Suatu tenaga yang begitu besar telah dilepaskan oleh seseorang.
Tenaga itu yang membuat Nini Pasung Jagat terpental jauh. Dan ketika ia
bangkit memandang ke arah Dewi Anjani, rupanya di sana sudah berdiri
lelaki berpakaian coklat dan celana putih, punggungnya menyandang
bumbung tuak. "Rupanya kau murid sinting si Gila Tuak itu! Hah...! Sangat kebetulan
sekali kau hadir dalam keadaan tubuhku sudah menjadi sekeras baja
begini! Kulampiaskan dendamku kepada si Gila Tuak di depanmu, Suto!"
"Hei," panggil Pendekar Mabuk kepada anak buah Dewi Anjani.
Bawa dia menjauhi! Sambil tangan kirinya menopang tubuh Dewi Anjani.
Lalu, Dewi Anjani pun dibawa pergi menjauh oleh anak buahnya. Tapi
mereka belum turun dari puncak bukit yang tak seberapa tinggi itu. Bahkan
di sisi lain pun muncul dua orang yang terengah-engah tegang. Mereka
adalah Kirana dan Jongos Daki.
"Suto, habisi dia!" seru Kirana.
"Aku dengar!" seru Pendekar Mabuk tanpa menoleh pada Kirana. Ia
berdiri dengan tegapnya. Tangan kiri memegang pedang emas dengan
sarung pedangnya, tangan kanan siap melakukan gerakan secepat kilat.
Pada waktu itu, mata Nini Pasung Jagat tertuju pada pedang emas
itu. Mata tua tersebut berbinar-binar. Bibirnya menyunggingkan senyum
yang lebih cocok dikatakan sebagai seringai.
"Aha...! Pedang Wukir Kencan ada di tanganmu, Suto"! Oooh...ho ho
ho...! Pucuk dicinta ulam tiba! Itu yang kucari-cari!"
"Barangkali kematian yang kau cari, bukan pedang ini, Nini!"
"Dengar Cah bagus kayak tikus...! Pedang itu adalah milik guruku,
dan hanya murid-muridnya yang berhak memegang dan memiliki pedang
emas itu! Ki Padmanaba atau aku! Bukan kau! Karena kau bukan murid
Guru kami, Suto!"
"Tapi aku yang mendapat amanat dari Ki Padmanaba untuk
menyelamatkan pedang ini, agar tak jatuh ke tangan orang-orang sesat
seperti kamu, Nini!"
"Kalau kau nekat menggunakan pedang itu, maka kau akan mati
termakan kutuk yang ada di dalam kekuatan pedang itu!"
Kirana berteriak dari jauh, "Jangan percaya, Suto!"
Pendekar Mabuk tersenyum memandangi Nini Pasung Jagat yang
tampak berang mendengar seruan Kirana. Tapi Nini Pasung Jagat tidak
menghiraukan seruan tersebut, ia maju setindak sambil mengulurkan
tangannya dengan pelan,
"Berikan padaku! Jika Ki Padmanaba sudah tiada, berarti akulah
pewaris pedang emas itu!"
"Tak ada pesan dari Ki Padmanaba untuk menyerahkan pedang ini
kepadamu, Nini!"
"Dia lupa menyebutkannya!"
"Kurasa tidak. Yang ada hanyalah pesan untuk menghabisi nyawamu,
karena kau telah membunuhnya dengan keji, Nini!" kata Suto dengan
tangan kanan mulai memegang pedang, tepat pada gagangnya.
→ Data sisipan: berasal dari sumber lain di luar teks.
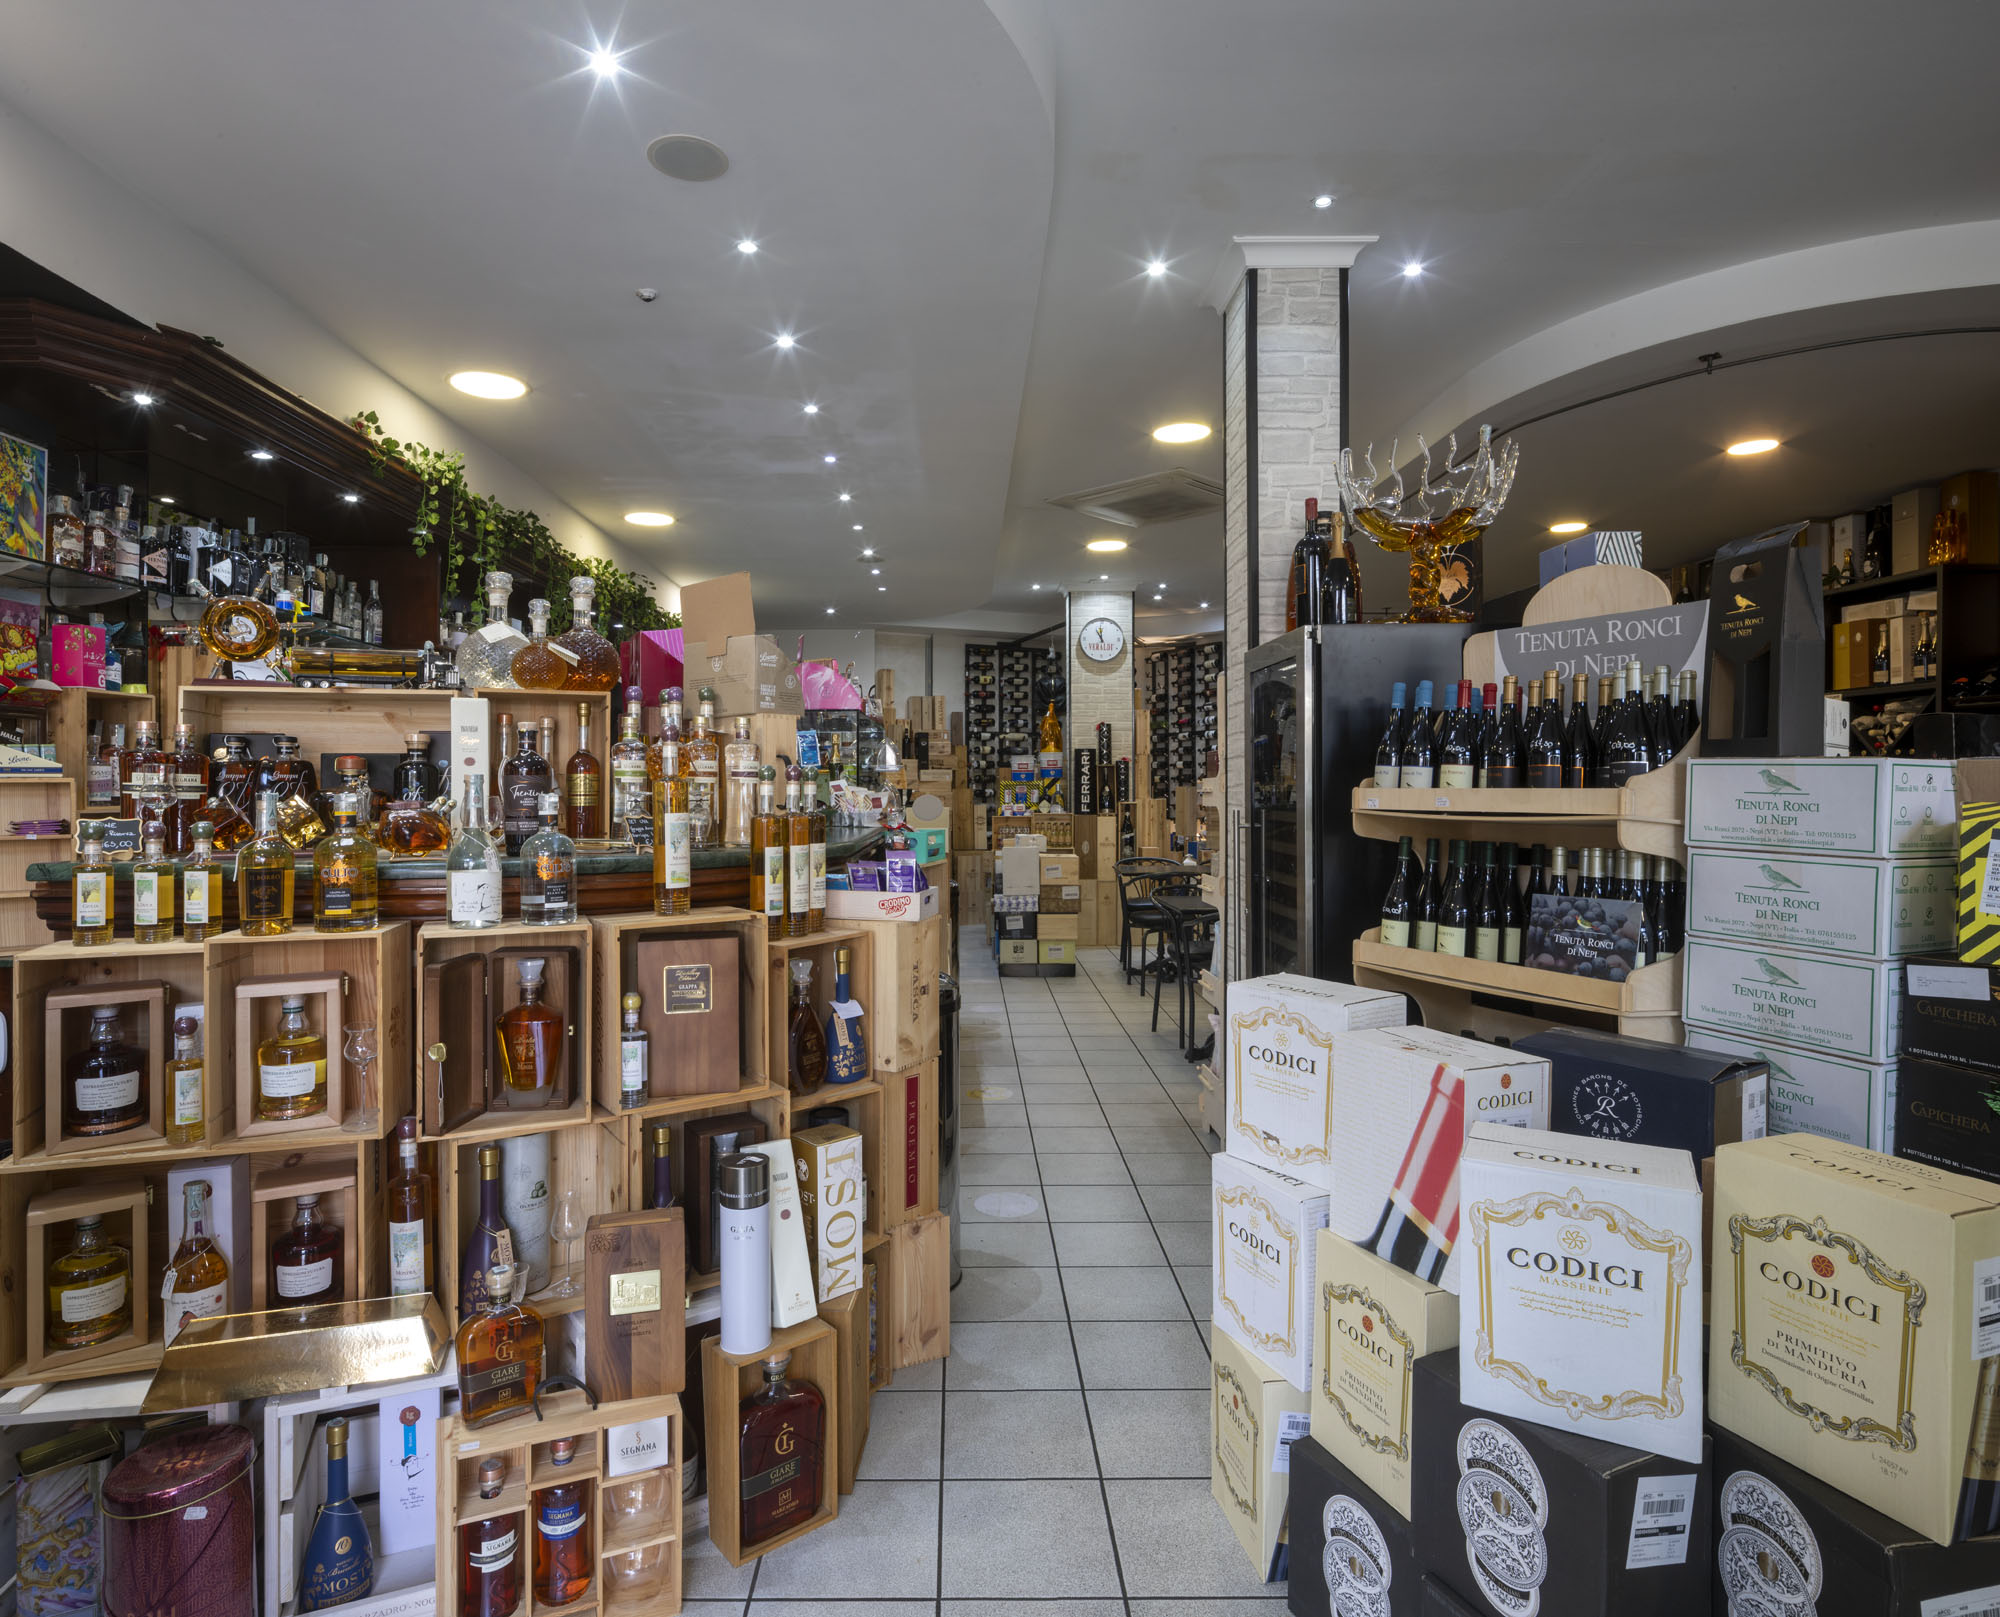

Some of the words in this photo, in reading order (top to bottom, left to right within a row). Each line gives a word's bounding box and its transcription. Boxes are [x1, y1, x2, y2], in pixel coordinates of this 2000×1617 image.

[1515, 628, 1600, 654] TENUTA
[1606, 615, 1683, 643] RONCI
[1720, 619, 1742, 632] TENUTA
[1743, 616, 1765, 627] RONCI
[1730, 630, 1738, 638] DI
[1738, 627, 1753, 638] NEPI
[1555, 659, 1577, 680] DI
[1584, 652, 1637, 677] NEPI
[1, 730, 22, 744] HALLS
[510, 784, 545, 800] Trentin
[1081, 750, 1090, 812] FERRARI
[1736, 798, 1780, 812] TENUTA
[1783, 800, 1820, 812] RONCI
[1750, 828, 1764, 836] Nepi
[1765, 828, 1779, 836] (VT)
[1756, 814, 1770, 825] DI
[1770, 815, 1798, 826] NEPI
[321, 868, 358, 878] CULTO
[878, 896, 912, 910] CRODINO
[1735, 891, 1780, 907] TENUTA
[1782, 896, 1820, 911] RONCI
[1714, 916, 1731, 924] Ronci
[1750, 920, 1764, 930] Nepi
[1765, 923, 1780, 931] (VT)
[1784, 925, 1800, 933] Italia
[1756, 909, 1768, 919] DI
[1771, 910, 1799, 923] NEPI
[1554, 934, 1586, 947] TENUTA
[1588, 937, 1614, 950] RONCI
[1567, 948, 1576, 956] DI
[1577, 947, 1598, 960] NEPI
[912, 961, 920, 1024] TASCA
[1266, 982, 1337, 999] CODICI
[1732, 984, 1776, 1001] TENUTA
[1780, 991, 1816, 1009] RONCI
[1700, 1004, 1711, 1012] Via
[1711, 1007, 1728, 1016] Ronci
[1746, 1014, 1761, 1024] Nepi
[1762, 1017, 1776, 1026] (VT)
[1780, 1020, 1796, 1029] Italia
[1753, 1002, 1764, 1012] DI
[1768, 1004, 1794, 1019] NEPI
[1916, 1000, 1998, 1027] CAPICHERA
[1248, 1045, 1316, 1074] CODICI
[1913, 1048, 1939, 1058] BOTTIGLIE
[1478, 1090, 1534, 1111] CODICI
[1572, 1086, 1585, 1125] DOMAINES
[1581, 1074, 1613, 1084] BARONS
[1617, 1080, 1628, 1089] DE
[1626, 1091, 1643, 1138] ROTHSCHILD
[1777, 1086, 1814, 1106] RONCI
[1911, 1100, 1992, 1135] CAPICHERA
[908, 1100, 917, 1184] PROEMIO
[1513, 1151, 1642, 1175] CODICI
[1908, 1148, 1932, 1159] BOTTIGLIE
[1952, 1160, 1960, 1168] ML
[1790, 1152, 1916, 1192] CODICI
[824, 1146, 857, 1297] MOST
[1229, 1222, 1282, 1265] CODICI
[1507, 1247, 1644, 1291] CODICI
[1539, 1274, 1612, 1296] MASSERIE
[1760, 1262, 1881, 1326] CODICI
[1337, 1318, 1394, 1368] CODICI
[1776, 1328, 1858, 1373] PRIMITIVO
[491, 1364, 521, 1380] GIARE
[1761, 1346, 1804, 1376] Denominazione
[1806, 1366, 1813, 1378] di
[1814, 1370, 1838, 1390] Origine
[1766, 1338, 1782, 1351] DI
[1784, 1343, 1867, 1390] MANDURIA
[1340, 1376, 1346, 1384] DI
[1348, 1380, 1388, 1416] MANDURIA
[1344, 1370, 1384, 1403] PRIMITIVO
[1220, 1394, 1249, 1442] CODICI
[620, 1442, 657, 1456] SEGNANA
[770, 1462, 796, 1480] GIARE
[1470, 1460, 1489, 1472] LUPO
[1490, 1465, 1535, 1512] MERAVIGLIA
[548, 1510, 574, 1520] SEGNANA
[486, 1538, 512, 1552] SEGNANA
[1736, 1514, 1756, 1526] LUPO
[1758, 1520, 1806, 1576] MERAVIGLIA
[323, 1566, 366, 1594] MOST
Nini Pasung Jagat menjadi tegang, ia tahu kehebatan pedang itu,
sehingga ia merasa cemas. Dalam batinnya ia berkata sendiri,
"Pedang itu sangat berbahaya! Dipegang orang bodoh pun bisa
membuat orang tersebut pandai memainkan jurus-jurus pedang maut,
apalagi dipegang bocah sinting murid si Gila Tuak itu! Agaknya aku harus
membujuknya dengan cara halus. Aku tak berani merebutnya dengan
kasar. Tapi... sekarang tubuhku sudah menjadi sekeras baja! Kulitku tak
bisa dilukai! Mengapa aku harus takut menyerangnya" Kurasa Pendekar
Mabuk tak bisa dibujuk secara halus! Dia bukan orang bodoh. Jadi, aku
memang harus merebutnya dengan pertarungan. Mudah-mudahan dia
belum tahu kalau kulitku sudah sekeras baja dan tak mempan digores
dengan senjata apa pun!"
Nini Pasung Jagat melangkah ke samping beberapa tindak, arahnya
memutari Pendekar Mabuk. Tapi Sinting ikut bergerak memutar
pelan-pelan. Tangannya sudah menggenggam gagang pedang. Ia selalu
mengambil posisi menyamping. Pedang terangkat di depan dada bersama
sarungnya. Tapi belum dicabut. Karena sekali cabut, langsung akan
berkelebat. Itu sebabnya Pendekar Mabuk mengambil posisi menyamping
kanan dan bergerak terus supaya posisinya tetap sama dengan gerakan
Nini Pasung Jagat.
"Kau memaksaku untuk merebutnya, Suto! Kau belum tahu siapa aku
yang sekarang ini!"
"Kalau kau memang mampu merebutnya, Rebutlah! Itu berarti kau
punya keberanian menghadapi anak sekecil aku, Nenek Kempot!"
"Jahanam kau..! Heaaah...!"
Zlappp...! Pendekar Mabuk berkelebat bagai orang menyeberang jalan dengan
cepatnya. Tak satu pun mata yang melihat gerakan Suto menyeberang
melintasi tubuh Nini Patung Jagat. Mereka tahu-tahu sudah melihat Suto
berpindah posisi, pedangnya sudah dilepas dari sarung pedang, tapi
sarung pedang tetap terangkat ke depan.
Nini Pasung Jagat diam di tempat. Berdiri agak membungkuk sedikit.
Jari-jari tangannya begerak pelan. Ia masih memunggungi Suto. Suto
sendiri tidak bergerak dari tempatnya. Namun matanya melirik tajam ke
arah Nini Pasung Jagat.
"Habisi dia! Lekas habisi dia?" seru Kirana bagai tak sabar, karena ia
melihat Pendekar Mabuk punya kesempatan untuk memenggal kepala Nini
Pasung Jagat dari belakang. Kirana jadi geram dan gemas sendiri melihat
Pendekar Mabuk tidak bergerak menebaskan pedangnya. Ia ingin maju,
tapi tangannya ditahan oleh Jongos Daki.
"Biarkan dulu!" kata Jongos Daki mengingatkan. Cukup lama kedua
tokoh yang bertarung itu sama-sama diam tak bergerak. Sementara
orang-orang yang menonton dari depan pintu gerbang kuil mulai
berteriak-teriak, sama dengan seruan Kirana.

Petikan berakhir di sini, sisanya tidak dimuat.